→ WHAT YOU HAVE TO DO
Please give every record below again exactly, and keep the pictures out.

*** SUPPLIED DATA ***

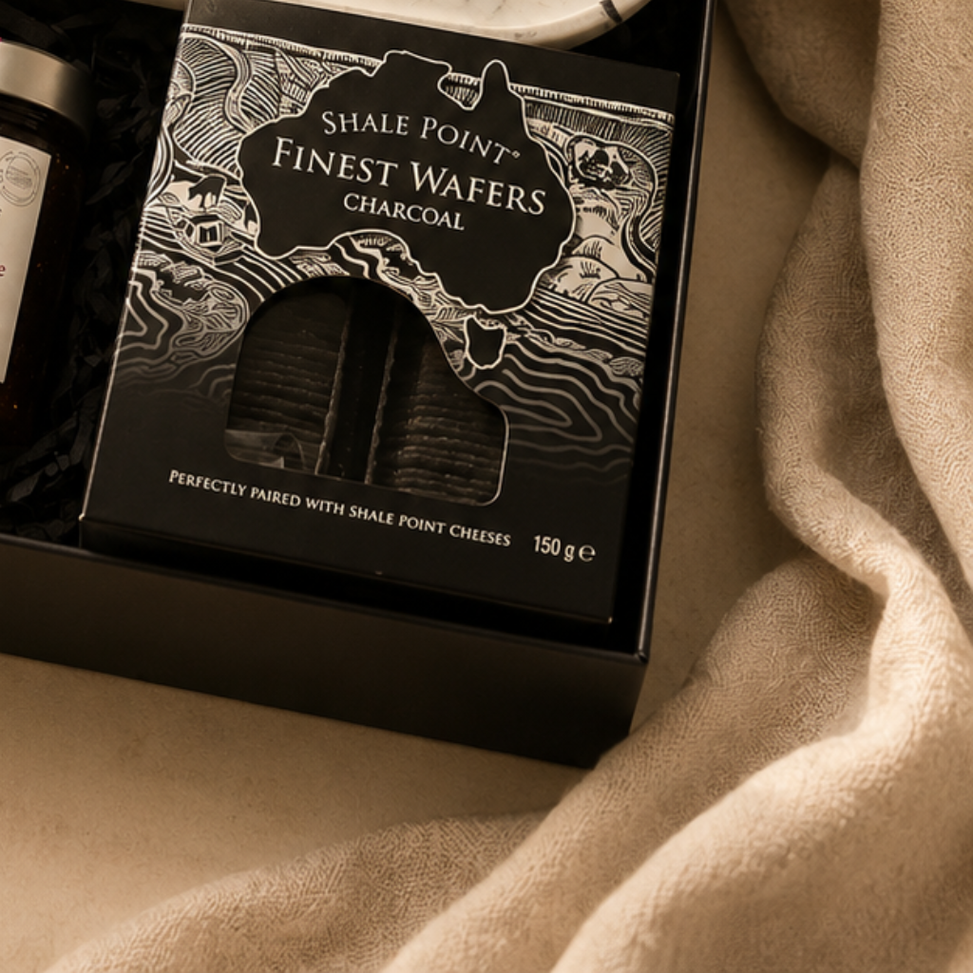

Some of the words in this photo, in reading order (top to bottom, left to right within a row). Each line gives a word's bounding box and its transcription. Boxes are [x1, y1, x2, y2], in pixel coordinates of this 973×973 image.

[321, 111, 410, 136] SHALE
[272, 136, 399, 188] FINEST
[409, 160, 546, 215] WAFERS
[343, 192, 465, 231] CHARCOAL
[168, 469, 247, 497] PERFECTLY
[250, 486, 301, 508] PAIRED
[305, 496, 345, 516] WITH
[348, 505, 394, 525] SHALE
[398, 514, 447, 535] POINT
[449, 524, 512, 548] CHEESES
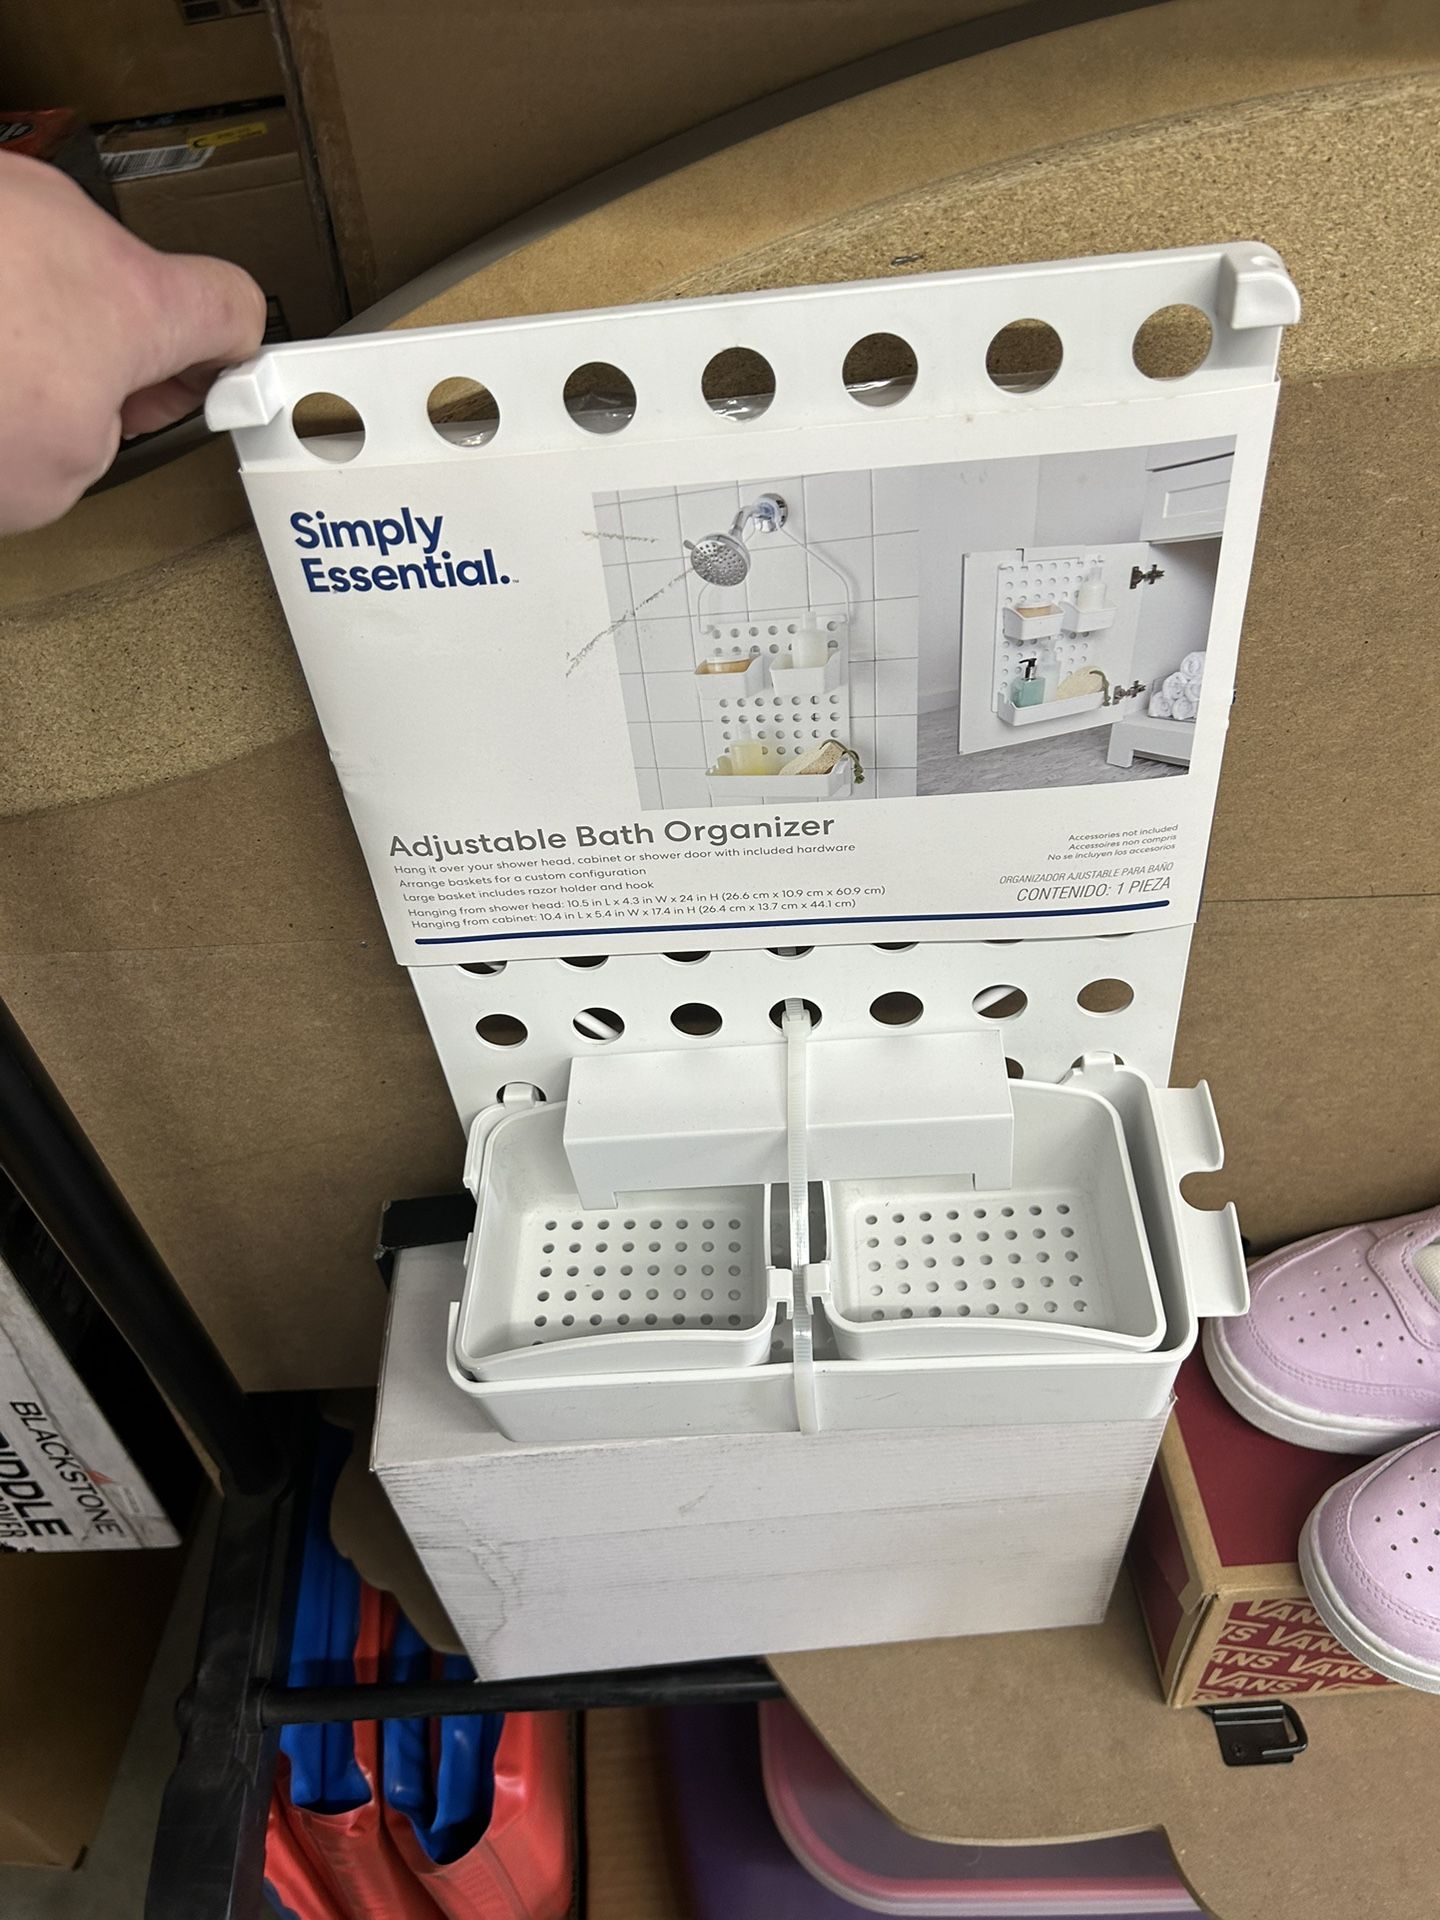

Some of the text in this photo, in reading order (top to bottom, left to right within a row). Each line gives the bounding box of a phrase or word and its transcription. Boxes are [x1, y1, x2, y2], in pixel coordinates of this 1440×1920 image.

[290, 507, 443, 556] Simply
[389, 816, 835, 862] Adjustable Bath Organizer
[1068, 832, 1120, 842] Accessories
[1139, 824, 1179, 835] included
[1068, 841, 1120, 851] Accessoires
[1141, 835, 1177, 844] compris
[393, 865, 427, 876] Hang
[428, 865, 437, 873] it
[439, 865, 464, 873] over
[467, 864, 493, 873] your
[496, 860, 538, 869] shower
[541, 857, 575, 866] head,
[577, 855, 621, 864] cabinet
[639, 852, 681, 861] shower
[684, 850, 711, 859] door
[714, 848, 740, 857] with
[743, 846, 793, 856] included
[797, 844, 856, 853] hardware
[1075, 851, 1113, 859] incluyen
[1129, 844, 1175, 855] accesorios
[399, 879, 445, 890] Arrange
[447, 877, 492, 887] baskets
[494, 875, 511, 883] for
[524, 873, 566, 881] custom
[569, 868, 646, 879] configuration
[999, 861, 1174, 885] ORGANIZADOR AJUSTABLE PARA BAÑO
[403, 881, 654, 904] Large basket includes razor holder and hook
[407, 909, 457, 918] Hanging
[459, 906, 486, 915] from
[489, 901, 529, 913] shower
[531, 901, 565, 910] head:
[567, 899, 589, 908] 10.5
[604, 898, 611, 906] L
[622, 896, 640, 905] 4.3
[642, 896, 653, 904] in
[655, 895, 667, 903] W
[679, 894, 693, 903] 24
[710, 893, 719, 901] H
[721, 892, 750, 902] (26.6
[782, 889, 804, 898] 10.9
[836, 887, 861, 896] 60.9
[864, 885, 886, 895] cm)
[1017, 876, 1170, 902] CONTENIDO: 1 PIEZA
[411, 920, 461, 930] Hanging
[462, 918, 489, 926] from
[492, 915, 537, 924] cabinet:
[539, 912, 562, 921] 10.4
[564, 910, 575, 920] in
[577, 911, 584, 919] L
[595, 910, 612, 918] 5.4
[614, 909, 625, 917] in
[627, 908, 639, 916] W
[652, 907, 671, 915] 17.4
[674, 905, 684, 914] in
[687, 906, 696, 914] H
[698, 905, 726, 915] (26.4
[758, 902, 778, 911] 13.7
[810, 900, 832, 908] 44.1
[834, 899, 856, 908] cm)
[0, 1430, 73, 1537] IDDLE
[9, 1401, 126, 1538] BLACKSTONE
[0, 1496, 28, 1539] OVER
[1212, 1645, 1374, 1681] ANS VANS
[1205, 1668, 1308, 1692] VANS

*** End of SUPPLIED DATA ***

→ RESPONSE AREA
Some of the words in this photo, in reading order (top to bottom, left to right within a row). Each line gives a word's bounding box and its transcription. Boxes are [x1, y1, x2, y2], in pixel coordinates of this 973×973 image.

[321, 111, 410, 136] SHALE
[272, 136, 399, 188] FINEST
[409, 160, 546, 215] WAFERS
[343, 192, 465, 231] CHARCOAL
[168, 469, 247, 497] PERFECTLY
[250, 486, 301, 508] PAIRED
[305, 496, 345, 516] WITH
[348, 505, 394, 525] SHALE
[398, 514, 447, 535] POINT
[449, 524, 512, 548] CHEESES

Some of the text in this photo, in reading order (top to bottom, left to right within a row). Each line gives the bounding box of a phrase or word and its transcription. Boxes are [x1, y1, x2, y2], in pixel coordinates of this 1440×1920 image.

[290, 507, 443, 556] Simply
[389, 816, 835, 862] Adjustable Bath Organizer
[1068, 832, 1120, 842] Accessories
[1139, 824, 1179, 835] included
[1068, 841, 1120, 851] Accessoires
[1141, 835, 1177, 844] compris
[393, 865, 427, 876] Hang
[428, 865, 437, 873] it
[439, 865, 464, 873] over
[467, 864, 493, 873] your
[496, 860, 538, 869] shower
[541, 857, 575, 866] head,
[577, 855, 621, 864] cabinet
[639, 852, 681, 861] shower
[684, 850, 711, 859] door
[714, 848, 740, 857] with
[743, 846, 793, 856] included
[797, 844, 856, 853] hardware
[1075, 851, 1113, 859] incluyen
[1129, 844, 1175, 855] accesorios
[399, 879, 445, 890] Arrange
[447, 877, 492, 887] baskets
[494, 875, 511, 883] for
[524, 873, 566, 881] custom
[569, 868, 646, 879] configuration
[999, 861, 1174, 885] ORGANIZADOR AJUSTABLE PARA BAÑO
[403, 881, 654, 904] Large basket includes razor holder and hook
[407, 909, 457, 918] Hanging
[459, 906, 486, 915] from
[489, 901, 529, 913] shower
[531, 901, 565, 910] head:
[567, 899, 589, 908] 10.5
[604, 898, 611, 906] L
[622, 896, 640, 905] 4.3
[642, 896, 653, 904] in
[655, 895, 667, 903] W
[679, 894, 693, 903] 24
[710, 893, 719, 901] H
[721, 892, 750, 902] (26.6
[782, 889, 804, 898] 10.9
[836, 887, 861, 896] 60.9
[864, 885, 886, 895] cm)
[1017, 876, 1170, 902] CONTENIDO: 1 PIEZA
[411, 920, 461, 930] Hanging
[462, 918, 489, 926] from
[492, 915, 537, 924] cabinet:
[539, 912, 562, 921] 10.4
[564, 910, 575, 920] in
[577, 911, 584, 919] L
[595, 910, 612, 918] 5.4
[614, 909, 625, 917] in
[627, 908, 639, 916] W
[652, 907, 671, 915] 17.4
[674, 905, 684, 914] in
[687, 906, 696, 914] H
[698, 905, 726, 915] (26.4
[758, 902, 778, 911] 13.7
[810, 900, 832, 908] 44.1
[834, 899, 856, 908] cm)
[0, 1430, 73, 1537] IDDLE
[9, 1401, 126, 1538] BLACKSTONE
[0, 1496, 28, 1539] OVER
[1212, 1645, 1374, 1681] ANS VANS
[1205, 1668, 1308, 1692] VANS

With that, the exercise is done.